By: Thomas Pickering, MD, DPhil, FRCP, Director of Integrative and Behavioral Cardiology Program
of the Cardiovascular Institute at Mount Sinai School of Medicine, New York.
In more than 95% of people who have high blood pressure, the underlying cause is listed as essential hypertension. What this means is that there is no obvious cause for the hypertension, such as a blocked renal artery. (The other 5% of people, where there is an identifiable cause, have what is called secondary hypertension.) Basically what 'essential' hypertension means is that it’s there, and we don’t know exactly why. And the 'hypertension' simply refers to the tension of pressure in the arteries; it does not, as many people might think, refer to nervous tension (although there is some recent evidence that nervous tension may contribute to its development).
The causes of essential hypertension are not well understood. However, there are several mechanisms involved, and these factors play different roles in different individuals. Probably about 50% of hypertension is genetic- you inherit some of blood pressure from your parents, just as you do your height- and the other 50% is environmental. There are almost certainly many different genes involved, and scientists are busily searching to identify them.
There is a lot of controversy as to what are the important environmental factors. One of the strongest bits of evidence showing that the environment you live in affects your blood pressure comes from 'acculturation' studies, in which people who live in traditional non-westernized societies are studied before and after they move to a modern city. Many of these studies have been done in Africa. What they show is that adopting a western lifestyle is associated with a marked increase of blood pressure, which may be caused by the change in diet (salt intake typically goes up), or by stress, or probably both This relates to why hypertension is so much commoner in blacks in the US than in whites: in rural Africa hypertension is relatively rare, suggesting that the high prevalence in the US is not because of a genetic tendency.

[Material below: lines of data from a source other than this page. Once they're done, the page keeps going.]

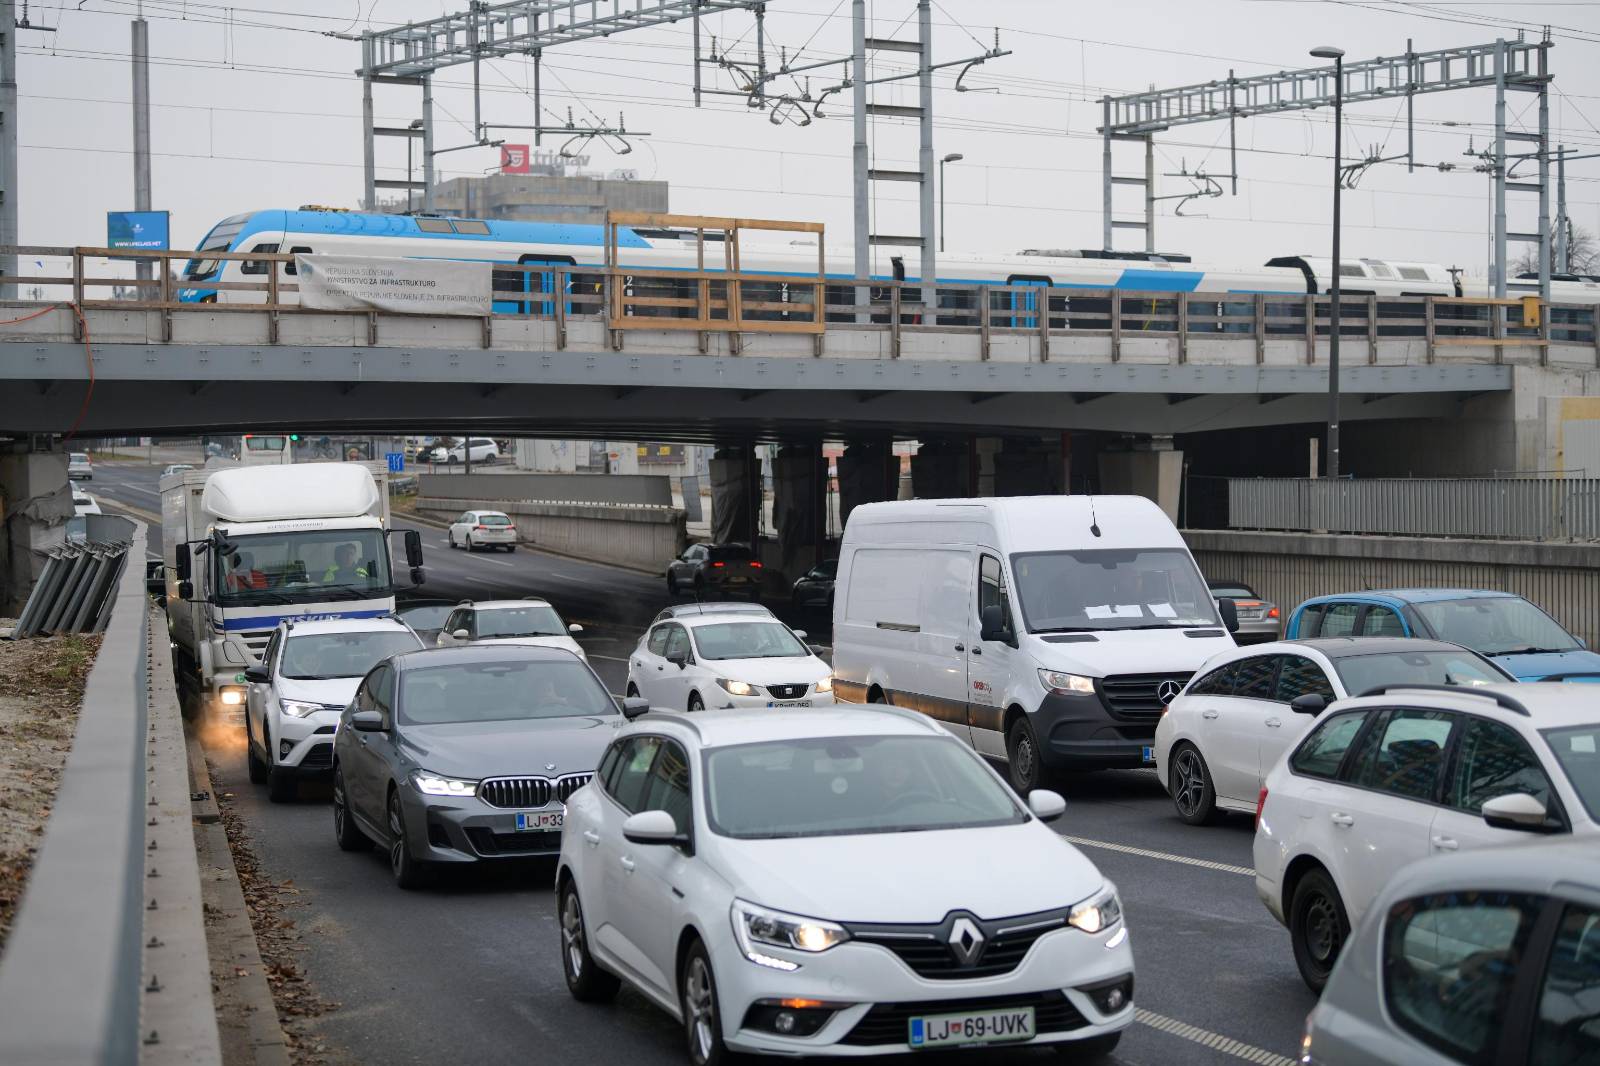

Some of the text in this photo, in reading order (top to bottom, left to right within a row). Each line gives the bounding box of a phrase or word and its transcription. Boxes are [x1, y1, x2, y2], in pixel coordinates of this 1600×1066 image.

[533, 149, 590, 169] triglav
[362, 268, 394, 277] SLOVENIJA
[368, 278, 378, 286] ZA
[379, 278, 436, 287] INFRASTRUKTURO
[627, 275, 633, 286] 2
[426, 293, 435, 301] ZA
[436, 294, 489, 303] INFRASTRUKTURO
[526, 815, 541, 828] LJ
[926, 1013, 1028, 1041] LJ 69-UVK

Of the environmental factors that cause high blood pressure the two leading candidates are thus stress and diet. One reason why we can't be more sure about their exact roles is that both are complex and hard to measure. Stress, like beauty, is in the eye of the beholder, and what is stressful to me is not necessarily so stressful to you. And trying to score your level of stress so that we can compare it with mine is obviously very arbitrary. Diet is in principal easier to measure, but people vary what they eat from day to day, and there are almost certainly many ingredients other than salt and calories, which affect the blood pressure, which we are only just beginning to understand.